Cuando tienes el intestino sensible, no solo importa lo que comes. También lo que bebes puede ayudarte a curarte… o hundirte.
Este mapa de riesgo te da una idea clara de qué bebidas convienen según el momento del día y cómo te sientes.
En ayunas
Recomendadas
- Agua tibia con limón
- Agua con una pizca de sal marina y unas gotas de vinagre de manzana
- Infusión suave (manzanilla, melisa, hinojo)
A evitar
- Café (incluso descafeinado)
- Achicoria en bebida vegetal
- Zumos de fruta (aunque sean naturales)
Durante las comidas
Recomendadas
- Agua en sorbos pequeños (nunca fría)
- Caldo vegetal muy suave
- Infusión digestiva templada (solo si es una comida ligera)
A evitar
- Bebidas frías
- Vino, cerveza o bebidas alcohólicas suaves (aunque parezcan inofensivas)

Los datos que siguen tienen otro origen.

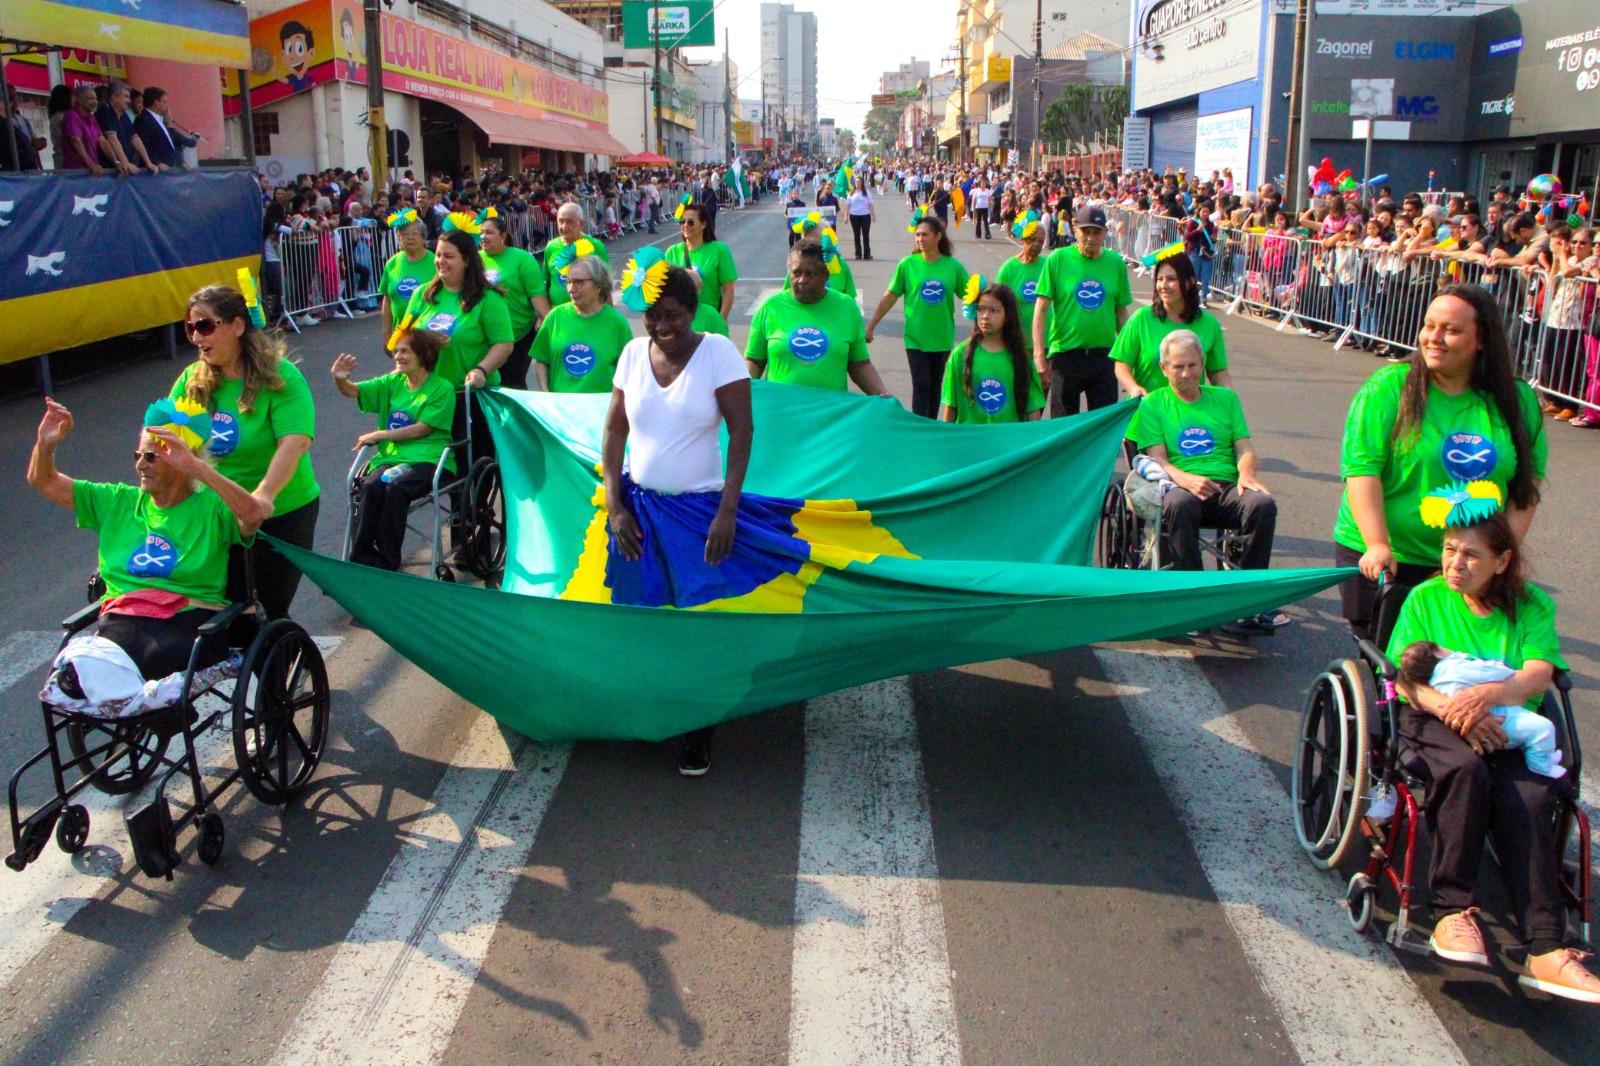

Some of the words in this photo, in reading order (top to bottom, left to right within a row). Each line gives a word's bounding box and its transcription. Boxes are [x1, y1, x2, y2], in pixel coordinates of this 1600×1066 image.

- Kombucha, kéfir u otras fermentadas si tienes disbiosis activa
Postcomida (0–2 h después)
Recomendadas
- Infusión de hinojo, anís o menta (en cantidades pequeñas)
- Agua con limón si hay pesadez
- Pequeña taza de achicoria sola (sin bebida vegetal)
A evitar
- Café, especialmente con leche vegetal o animal
- Cualquier batido, smoothie o bebida con fibra
Cuando hay síntomas activos
Recomendadas
- Agua templada o con sal marina
- Caldo de arroz o sopa muy simple (sin cebolla, ajo o especias)
- Infusión de manzanilla con anís verde
A evitar
- Todo lo que fermente, libere histamina o estimule el sistema digestivo
Conclusión
No todas las bebidas son iguales.
Y si quieres recuperar tu salud digestiva, saber qué tomar en cada momento puede marcar la diferencia entre avanzar… o retroceder.
Elige bien tu bebida. Tu intestino lo nota antes que tú.